Thierry Roland rend l'antenne
"M. Foote, vous êtes un salaud !", s'écrie-t-il en direct. une phrase à son image. Sans concession et choquante, voire un brin vulgaire. "Institution" pour les uns, caricature du "beauf" pour les autres, aussi populaire que controversé, le journaliste et commentateur Thierry Roland, décédé à 74 ans, incarnait depuis 50 ans LA voix du football à la télévision française. Un profil qui, tout à la fois, plaisait et révulsait. Si beaucoup se reconnaissaient dans ce profil de "Français moyen" aux partis pris revendiqués et assumés -le tout saupoudré du zeste de mauvaise foi inhérent à chaque supporteur-, d'autres voyaient en lui une synthèse de tous les maux du football.
Certais lui reprocheront ses commentaires teintés de xénophobie et de préjugés dépassés. Les mêmes diront que d'autres commentaires manquaient de professionalisme et d'objectivité parce qu'ils étaient remplis d'une mauvaise foi pas très journalistique ou d'un excès de chauvinisme. Thierry Rolland avait l'art de dire ce qu'il pense au moment où il le pense sans se soucier du "qu'en dira-t-on". C'était domageable dans certains cas, voir condamnable. Cependant, la franchise des propos humaniser ses commentaires et reflétait la qualité des rencontres.

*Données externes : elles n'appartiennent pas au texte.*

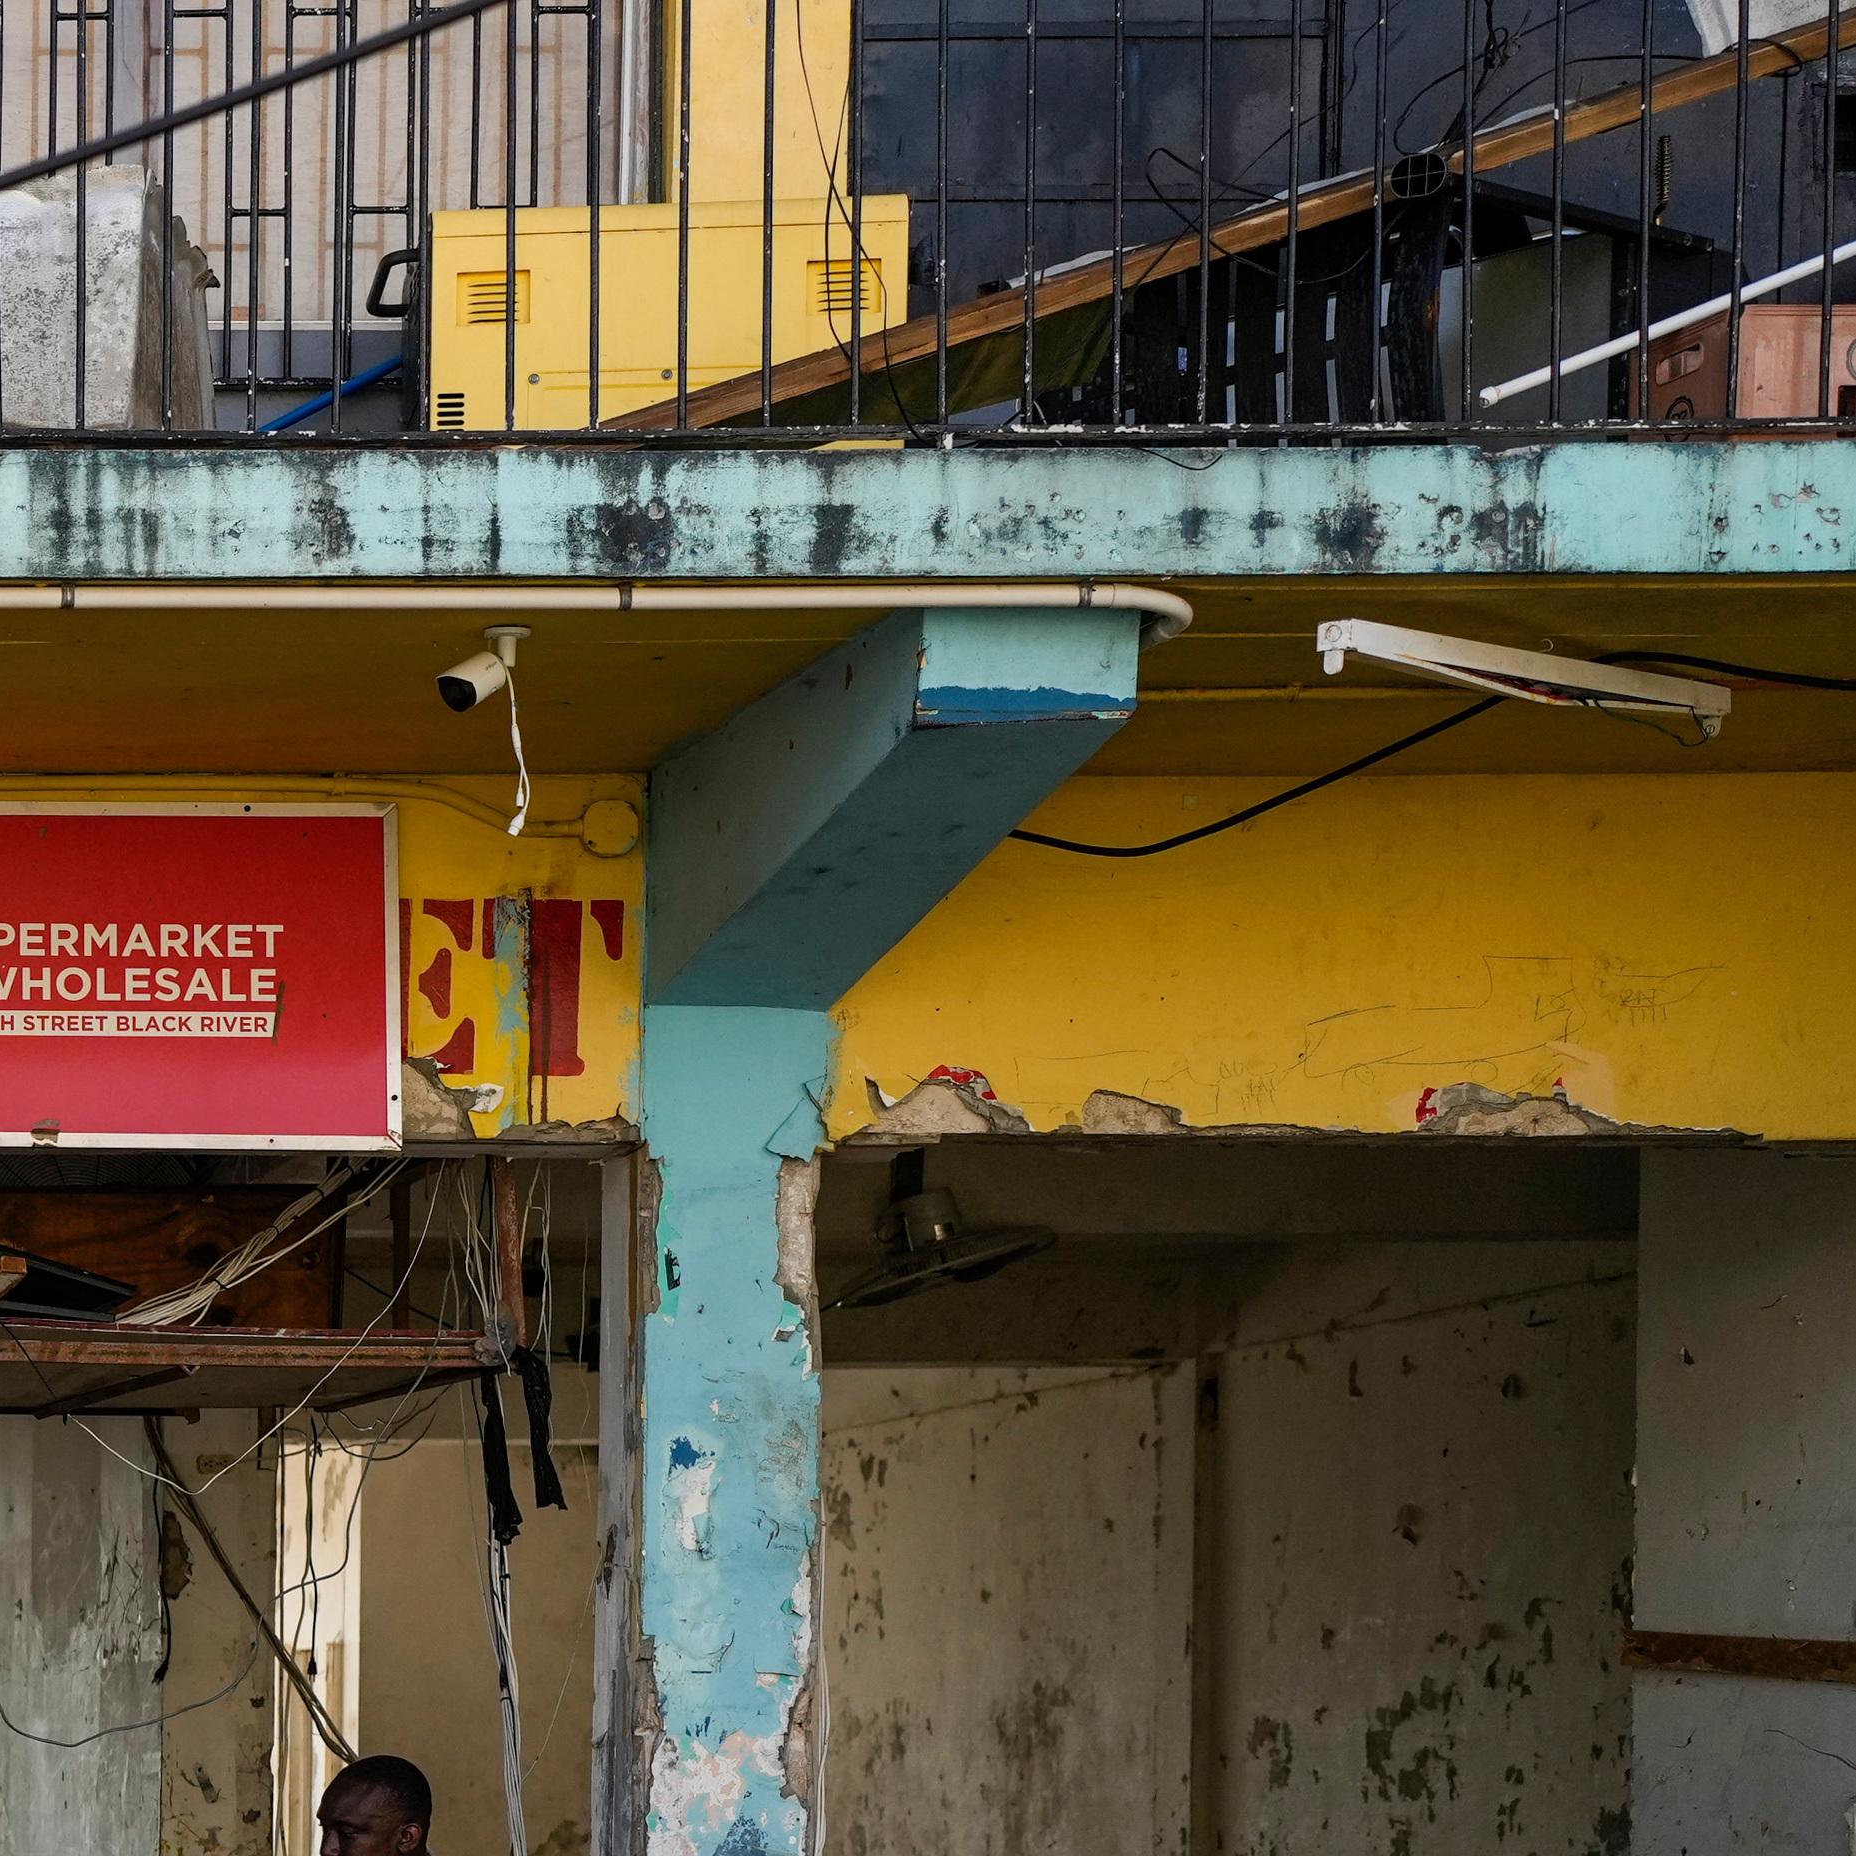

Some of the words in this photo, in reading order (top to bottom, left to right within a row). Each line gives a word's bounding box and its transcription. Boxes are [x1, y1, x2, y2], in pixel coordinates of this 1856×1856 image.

La disparition d'un monstre sacré du journalisme
13 Coupes du monde et 9 Euros
L'Euro 2012 devait signer le grand retour du duo mythique qu'il a formé avec Jean-Michel Larqué (plus de 700 match en duo!!), efondré ce samedi en apprenant le décès de son compagnon, alors qu'ils n'avaient plus commenté de grande compétition internationale depuis l'Euro 2004. Les deux compères s'étaient retrouvés brièvement pour commenter le match Roumanie-France comptant pour les éliminatoires de l'Euro 2012. Mais Thierry Roland avait dû renoncer le 13 juin, avant le match France-Ukraine, à commenter la compétition, n'étant pas totalement remis d'une opération liée à un calcul biliaire. "Si vous voulez tout savoir, il a regardé le match de l'équipe de France, et puis il s'est endormi, et il a fait un AVC vers 3 heures du matin, les médecins ont essayé de le réanimer et Thierry n'est jamais reparti. Voilà, c'est tout, c'est aussi simple que ça malheureusement", a affirmé son ami Jacques Vendroux; directeur des sports de Radio France, au micro de France Info, depuis Donetsk en Ukraine.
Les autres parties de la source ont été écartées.